Cammino lungo il Bisagno, sono le sette e mezzo del mattino, piove. Sono uscito per prendere il caffé e della focaccia per i ragazzi. Piove, mi ero portato per sicurezza l'ombrello. Cammino con lo zaino pieno per questa strada diventata inumana, progettata per lo scorrimento veloce di auto e camion mentre il cielo, lacerato, sversa sul mio ombrello una pioggia a tratti torrenziale. Di colpo sparisce, come per un evento improvviso.

Nelle cuffie a conduzione ossea sto sentendo, con cautela e a bassissimo volume, Heaven, dall'ultimo disco di Prince. Emerge di tanto in tanto qualche voce, qualche strumento; il resto è sommerso dai rumori dell'ambiente. Le auto che passano schizzano le pozzanghere e l'acqua mi finisce addosso ai piedi, i sandali diventano scivolosi, i pantaloni iniziano a bagnarsi mentre – di colpo – la vallata viene invasa dal sole. E io rido.
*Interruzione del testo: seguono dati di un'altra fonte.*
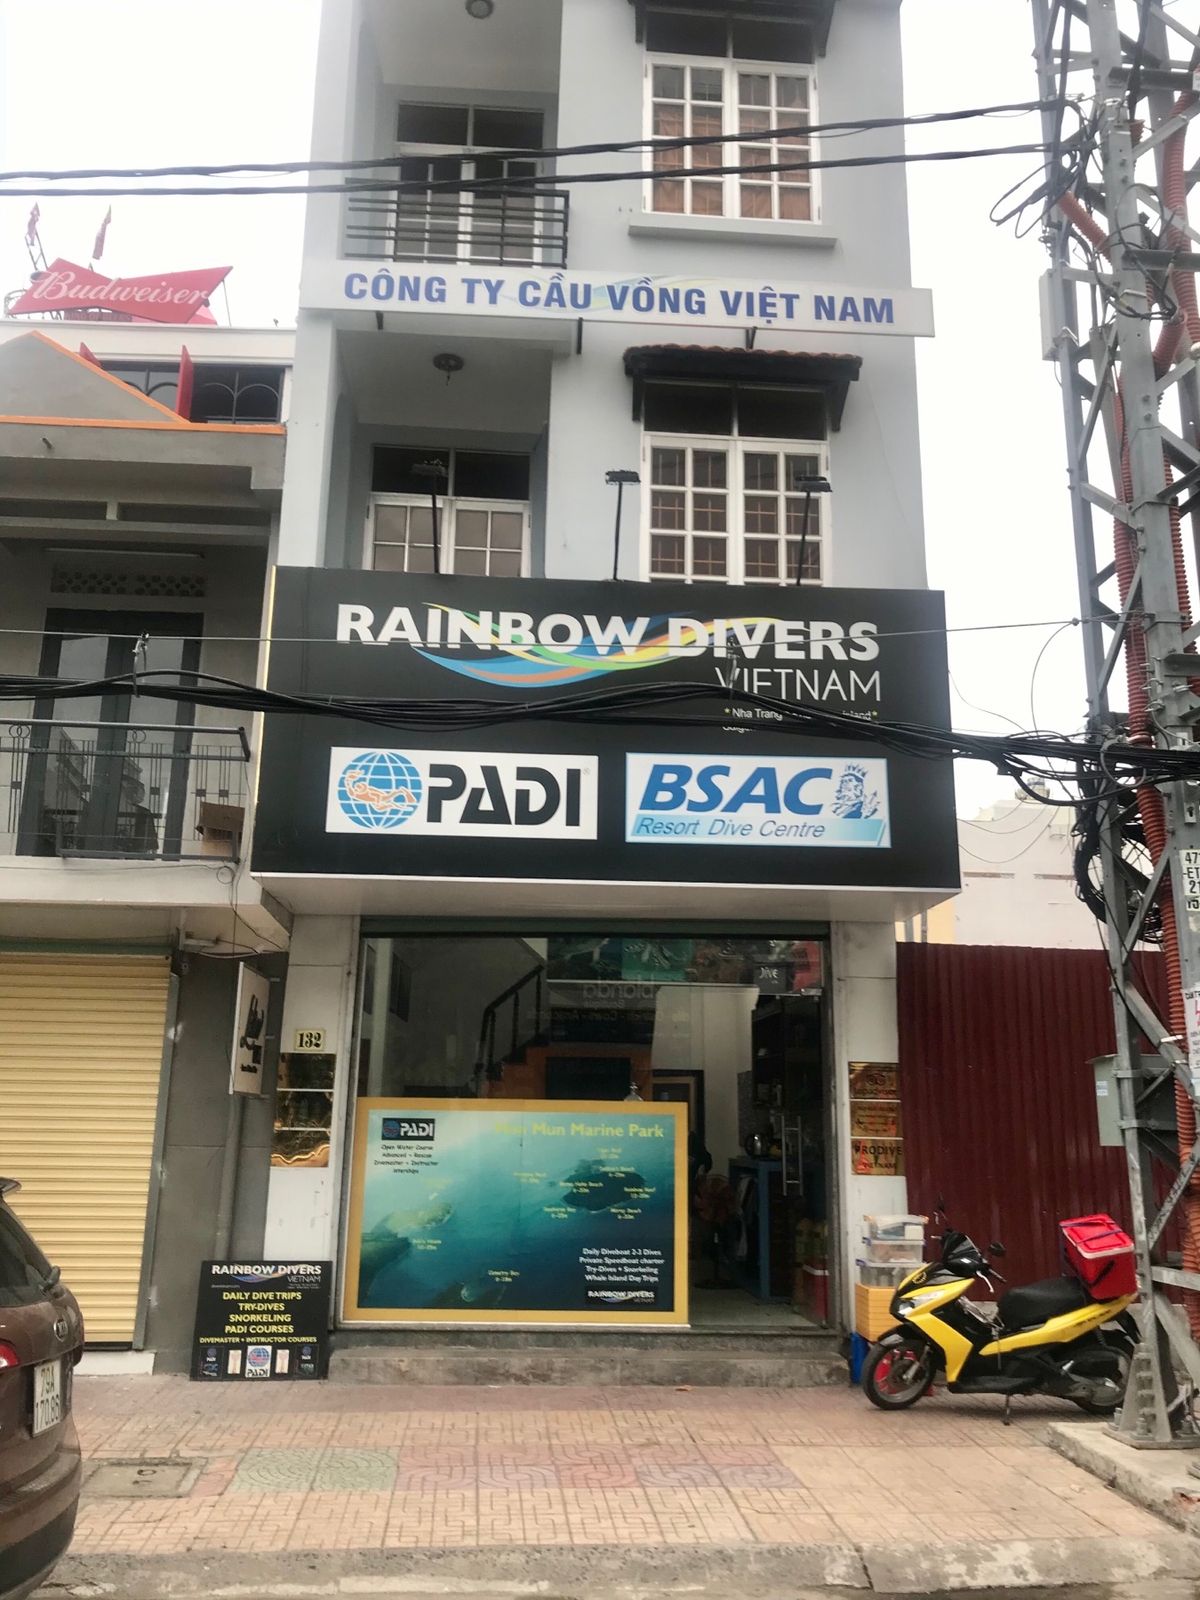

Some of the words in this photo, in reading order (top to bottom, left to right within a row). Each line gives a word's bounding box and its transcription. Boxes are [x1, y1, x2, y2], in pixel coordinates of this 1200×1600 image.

[31, 270, 210, 305] Budweiser
[344, 268, 447, 303] CÔNG
[461, 278, 505, 305] TY
[518, 272, 592, 310] CẦU
[607, 277, 706, 315] VỒNG
[720, 286, 800, 324] VIỆT
[813, 294, 895, 324] NAM
[336, 603, 651, 656] RAINBOW
[667, 617, 880, 662] DIVERS
[732, 708, 753, 719] Nha
[754, 708, 783, 722] Trang
[427, 763, 581, 827] PADI
[638, 763, 833, 816] BSAC
[636, 817, 700, 837] Resort
[708, 818, 753, 836] Dive
[759, 819, 826, 839] Centre
[297, 1032, 322, 1049] 132
[400, 1123, 433, 1136] PADI
[532, 1122, 566, 1137] Mun
[570, 1123, 624, 1137] Marine
[628, 1123, 664, 1138] Park
[582, 1248, 600, 1257] Daily
[643, 1248, 662, 1256] Dives
[211, 1265, 275, 1275] RAINBOW
[277, 1264, 322, 1275] DIVERS
[287, 1275, 321, 1283] VIETNAM
[222, 1291, 249, 1300] DAILY
[251, 1291, 275, 1300] DIVE
[275, 1291, 302, 1301] TRIPS
[237, 1302, 286, 1311] TRY-DIVES
[228, 1313, 292, 1323] SNORKELING
[224, 1325, 248, 1334] PADI
[249, 1325, 295, 1334] COURSES
[199, 1336, 241, 1344] DIVEMASTER
[245, 1336, 287, 1344] INSTRUCTOR
[247, 1368, 269, 1377] PADI
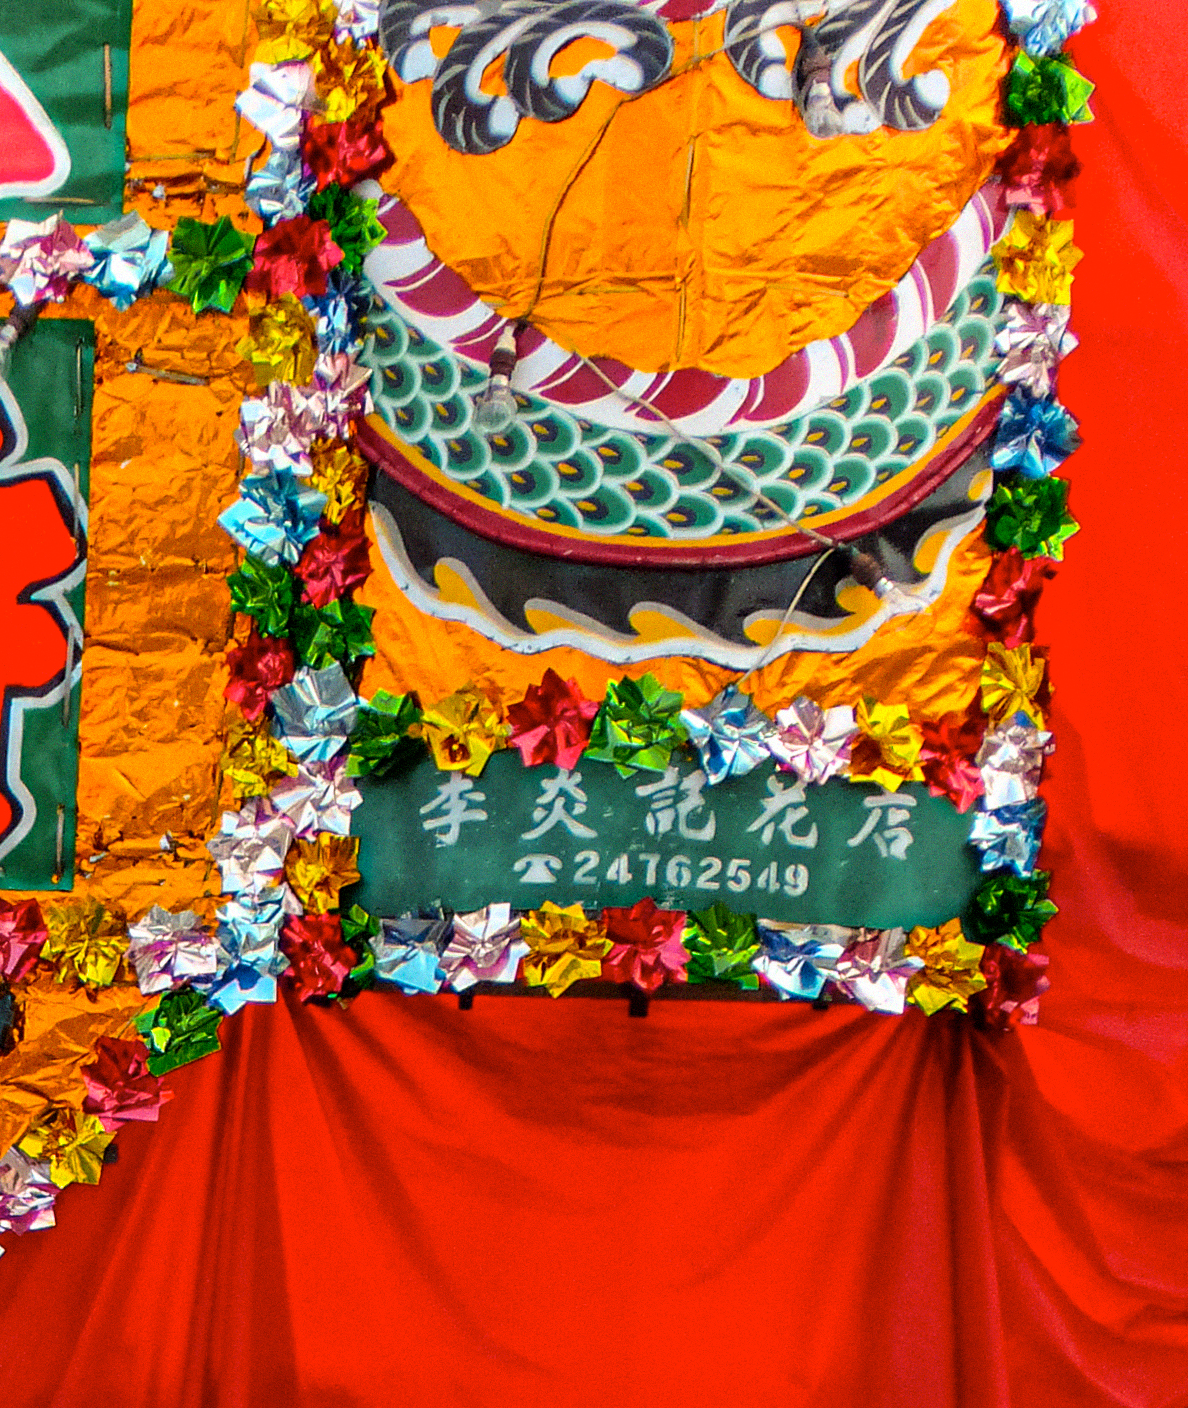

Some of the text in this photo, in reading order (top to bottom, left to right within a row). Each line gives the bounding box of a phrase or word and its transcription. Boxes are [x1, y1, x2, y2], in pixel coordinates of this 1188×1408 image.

[420, 765, 918, 862] 李炎記花店
[572, 849, 811, 897] 24762549
Più tardi, di sera, mi trovo a fare la stessa strada, lo zaino pieno di bibite da portare alla famiglia e in mano un pacchetto di estrusi di mais. Una rara golosità. Apro il pacchetto e inizio a mangiucchiarle mentre cammino a passo veloce e – così – libero, egoista e solo – mi sento nei panni di me stesso ventenne; un frammento d'abitudine del mio passato > per un attimo mi sento felice; e non so di cosa. Un cosplayer della felicità.